** What the task requires **
Your copy should match the records below word for word and contain no pictures.

++++ Task inputs

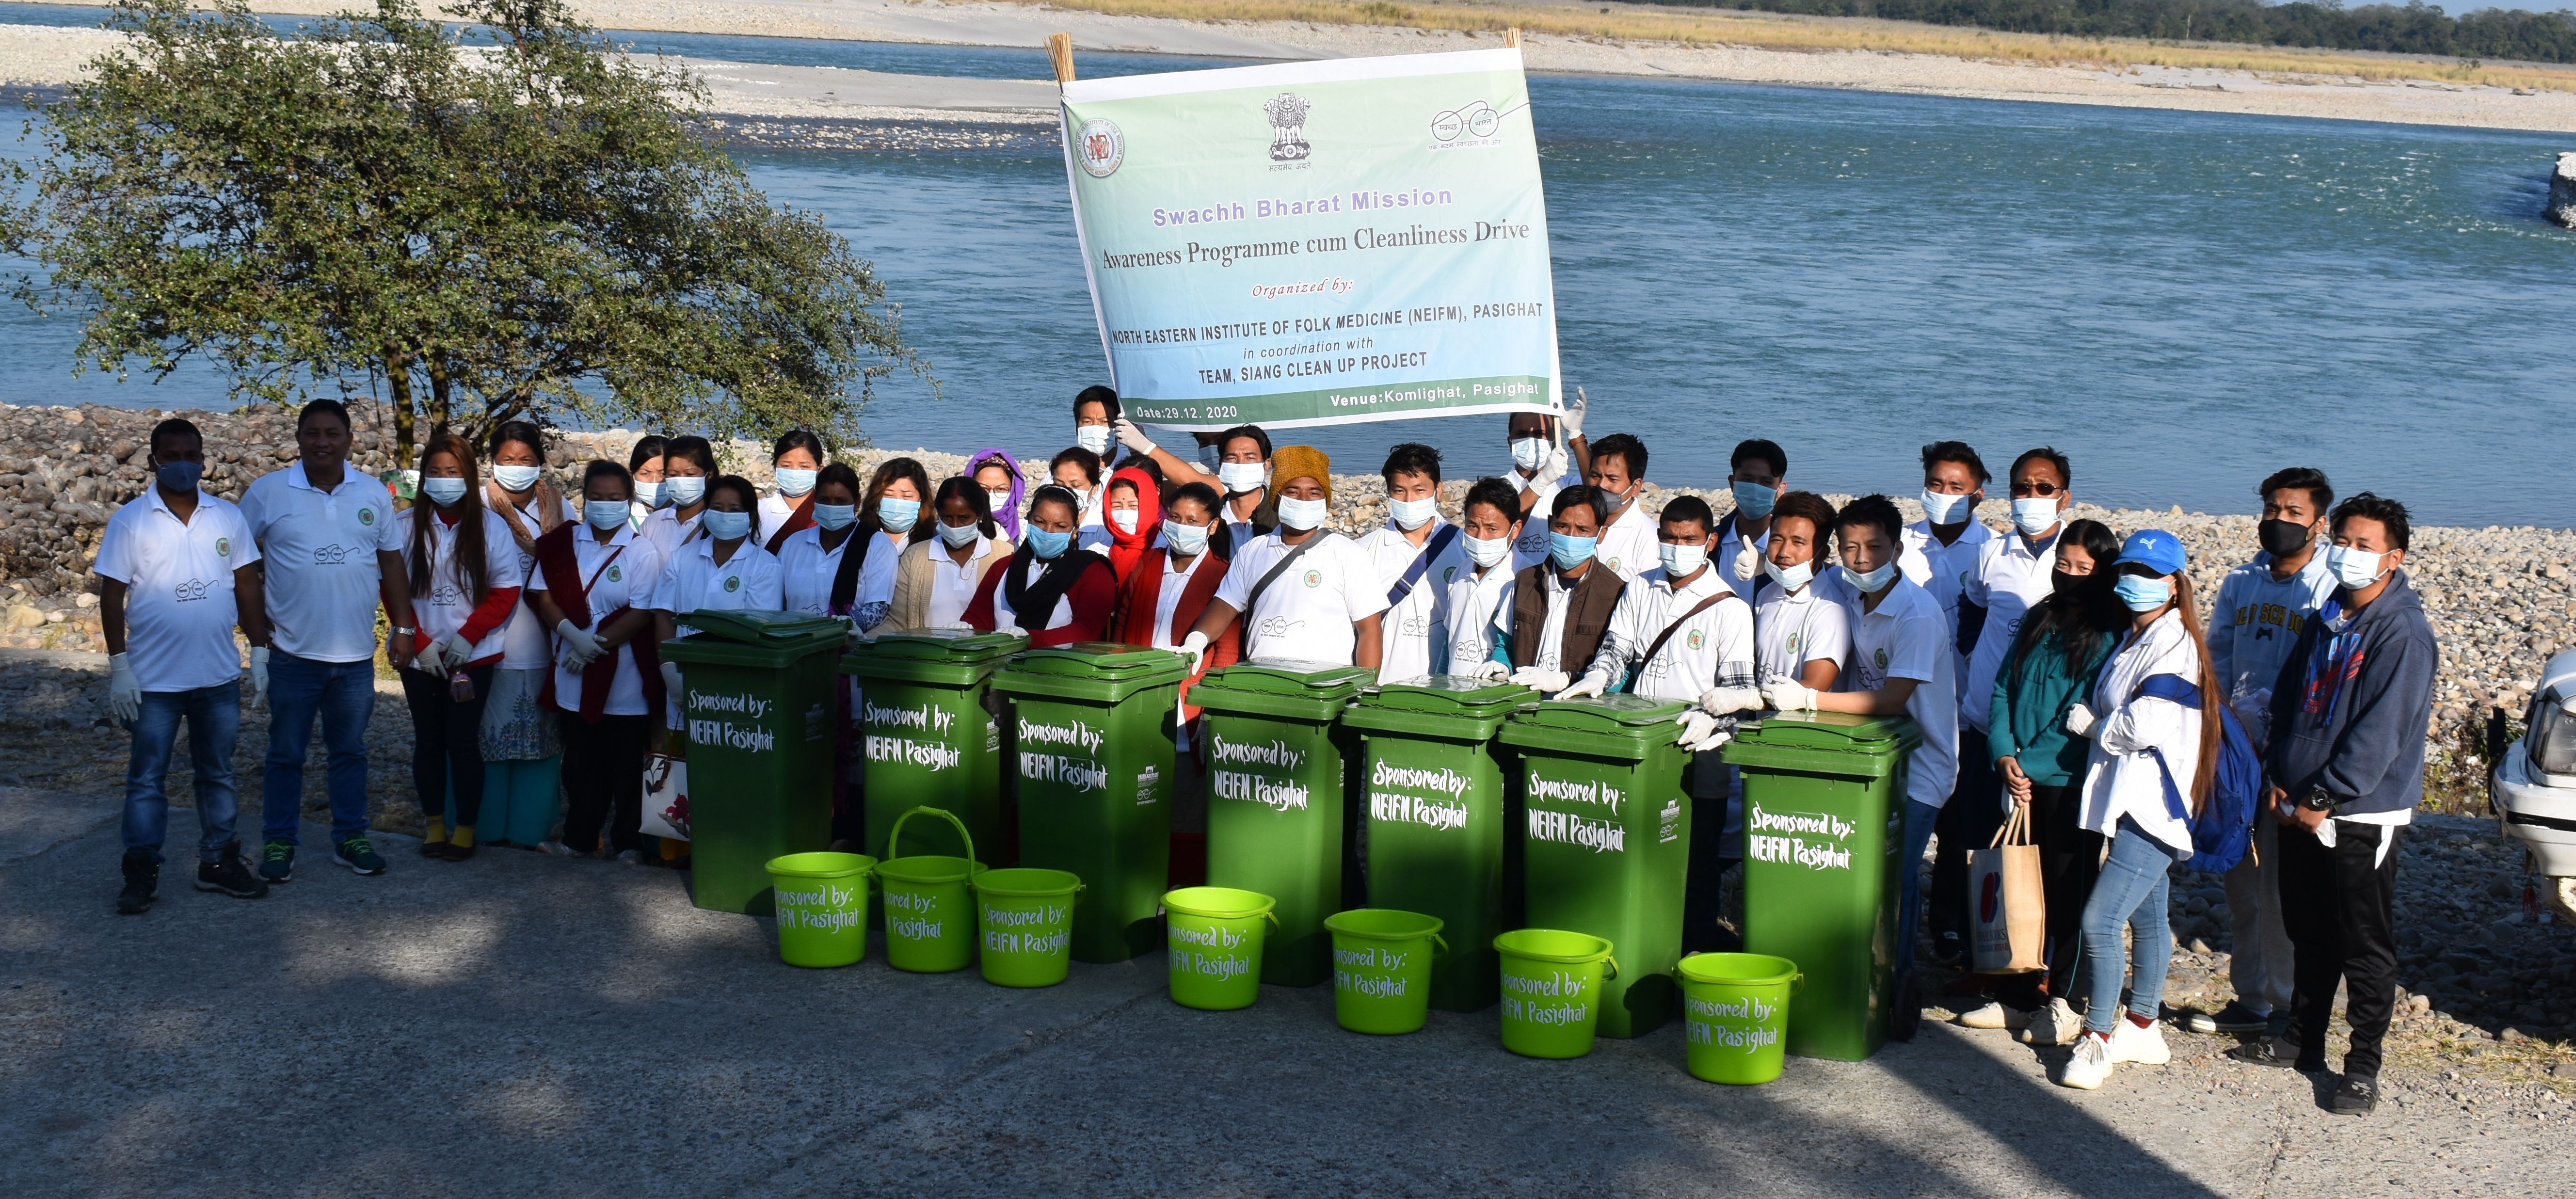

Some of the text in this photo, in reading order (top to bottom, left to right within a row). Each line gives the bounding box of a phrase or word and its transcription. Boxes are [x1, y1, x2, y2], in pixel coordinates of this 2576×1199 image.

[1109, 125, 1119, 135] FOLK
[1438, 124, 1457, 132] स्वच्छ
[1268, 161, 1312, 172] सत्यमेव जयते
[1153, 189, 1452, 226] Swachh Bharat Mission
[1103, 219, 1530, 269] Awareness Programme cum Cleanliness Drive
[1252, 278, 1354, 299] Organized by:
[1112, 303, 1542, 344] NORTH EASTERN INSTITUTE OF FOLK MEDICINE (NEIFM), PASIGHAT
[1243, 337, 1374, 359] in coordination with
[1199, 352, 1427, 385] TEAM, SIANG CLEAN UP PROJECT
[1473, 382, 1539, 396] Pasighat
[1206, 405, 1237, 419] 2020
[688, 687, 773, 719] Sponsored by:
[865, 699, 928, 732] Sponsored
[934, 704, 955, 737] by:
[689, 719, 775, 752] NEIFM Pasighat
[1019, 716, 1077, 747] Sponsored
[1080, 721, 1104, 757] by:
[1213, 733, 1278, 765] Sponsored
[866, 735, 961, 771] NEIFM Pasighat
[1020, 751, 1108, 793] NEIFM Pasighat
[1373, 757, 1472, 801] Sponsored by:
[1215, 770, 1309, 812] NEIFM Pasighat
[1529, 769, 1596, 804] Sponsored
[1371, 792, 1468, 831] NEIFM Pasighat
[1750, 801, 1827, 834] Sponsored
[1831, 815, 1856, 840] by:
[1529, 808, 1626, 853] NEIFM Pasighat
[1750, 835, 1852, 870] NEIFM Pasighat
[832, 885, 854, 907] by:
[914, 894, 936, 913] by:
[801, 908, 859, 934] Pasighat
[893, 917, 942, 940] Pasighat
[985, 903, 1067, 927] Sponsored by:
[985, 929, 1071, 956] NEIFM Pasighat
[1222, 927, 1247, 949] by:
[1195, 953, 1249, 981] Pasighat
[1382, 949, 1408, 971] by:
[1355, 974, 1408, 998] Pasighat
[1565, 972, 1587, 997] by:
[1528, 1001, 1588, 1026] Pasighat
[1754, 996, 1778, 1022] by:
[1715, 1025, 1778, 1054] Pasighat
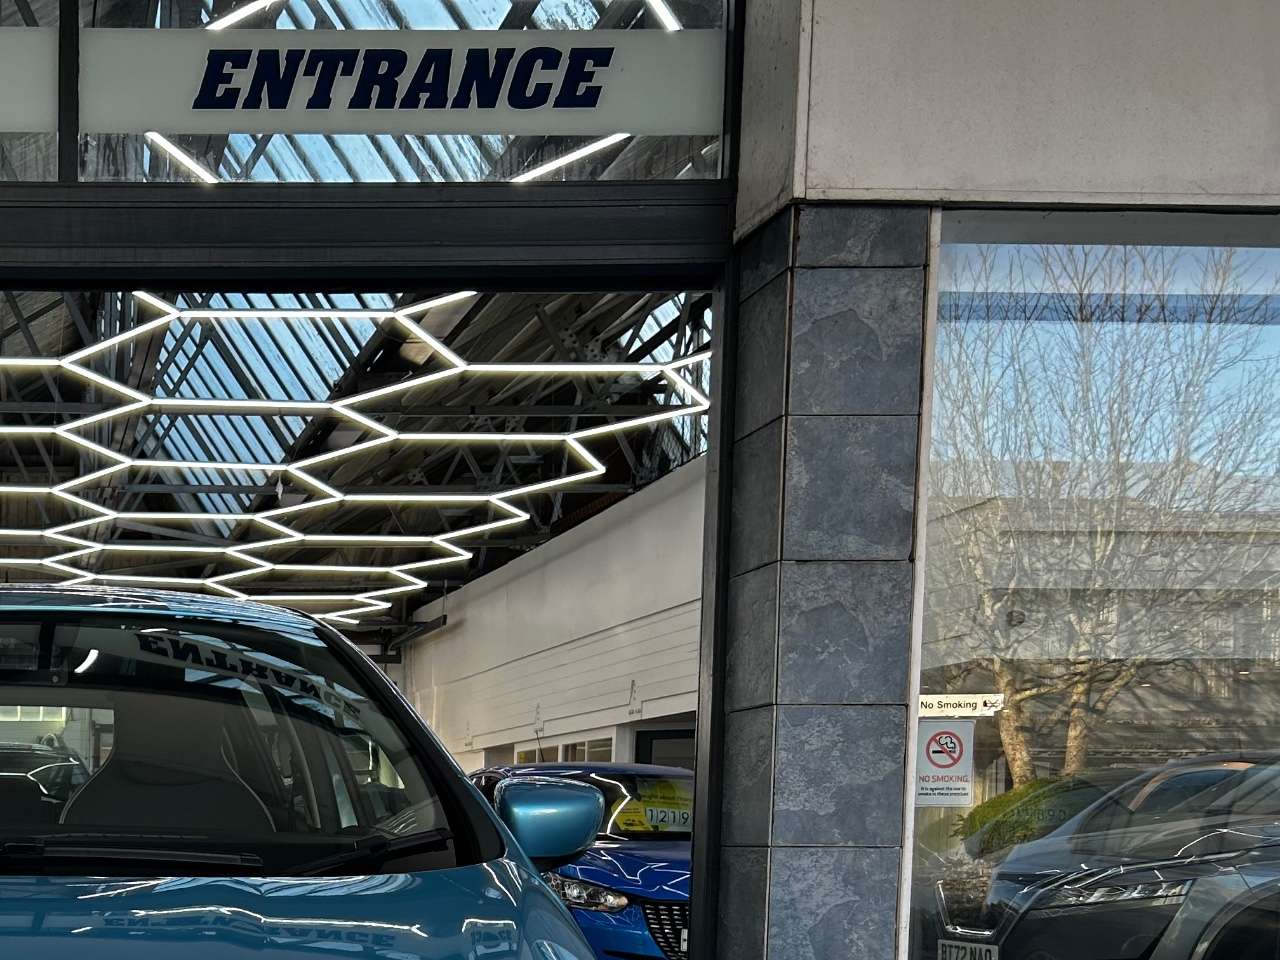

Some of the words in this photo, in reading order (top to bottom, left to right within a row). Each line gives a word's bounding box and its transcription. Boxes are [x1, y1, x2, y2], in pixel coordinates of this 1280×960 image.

++++++++

** Answer section **
Some of the text in this photo, in reading order (top to bottom, left to right within a row). Each line gives the bounding box of a phrase or word and its transcription. Boxes are [x1, y1, x2, y2], in pixel coordinates of this 2576×1199 image.

[1109, 125, 1119, 135] FOLK
[1438, 124, 1457, 132] स्वच्छ
[1268, 161, 1312, 172] सत्यमेव जयते
[1153, 189, 1452, 226] Swachh Bharat Mission
[1103, 219, 1530, 269] Awareness Programme cum Cleanliness Drive
[1252, 278, 1354, 299] Organized by:
[1112, 303, 1542, 344] NORTH EASTERN INSTITUTE OF FOLK MEDICINE (NEIFM), PASIGHAT
[1243, 337, 1374, 359] in coordination with
[1199, 352, 1427, 385] TEAM, SIANG CLEAN UP PROJECT
[1473, 382, 1539, 396] Pasighat
[1206, 405, 1237, 419] 2020
[688, 687, 773, 719] Sponsored by:
[865, 699, 928, 732] Sponsored
[934, 704, 955, 737] by:
[689, 719, 775, 752] NEIFM Pasighat
[1019, 716, 1077, 747] Sponsored
[1080, 721, 1104, 757] by:
[1213, 733, 1278, 765] Sponsored
[866, 735, 961, 771] NEIFM Pasighat
[1020, 751, 1108, 793] NEIFM Pasighat
[1373, 757, 1472, 801] Sponsored by:
[1215, 770, 1309, 812] NEIFM Pasighat
[1529, 769, 1596, 804] Sponsored
[1371, 792, 1468, 831] NEIFM Pasighat
[1750, 801, 1827, 834] Sponsored
[1831, 815, 1856, 840] by:
[1529, 808, 1626, 853] NEIFM Pasighat
[1750, 835, 1852, 870] NEIFM Pasighat
[832, 885, 854, 907] by:
[914, 894, 936, 913] by:
[801, 908, 859, 934] Pasighat
[893, 917, 942, 940] Pasighat
[985, 903, 1067, 927] Sponsored by:
[985, 929, 1071, 956] NEIFM Pasighat
[1222, 927, 1247, 949] by:
[1195, 953, 1249, 981] Pasighat
[1382, 949, 1408, 971] by:
[1355, 974, 1408, 998] Pasighat
[1565, 972, 1587, 997] by:
[1528, 1001, 1588, 1026] Pasighat
[1754, 996, 1778, 1022] by:
[1715, 1025, 1778, 1054] Pasighat

Some of the words in this photo, in reading order (top to bottom, left to right within a row). Each line gives a word's bounding box and its transcription. Boxes are [x1, y1, x2, y2], in pixel coordinates of this 1280×960 image.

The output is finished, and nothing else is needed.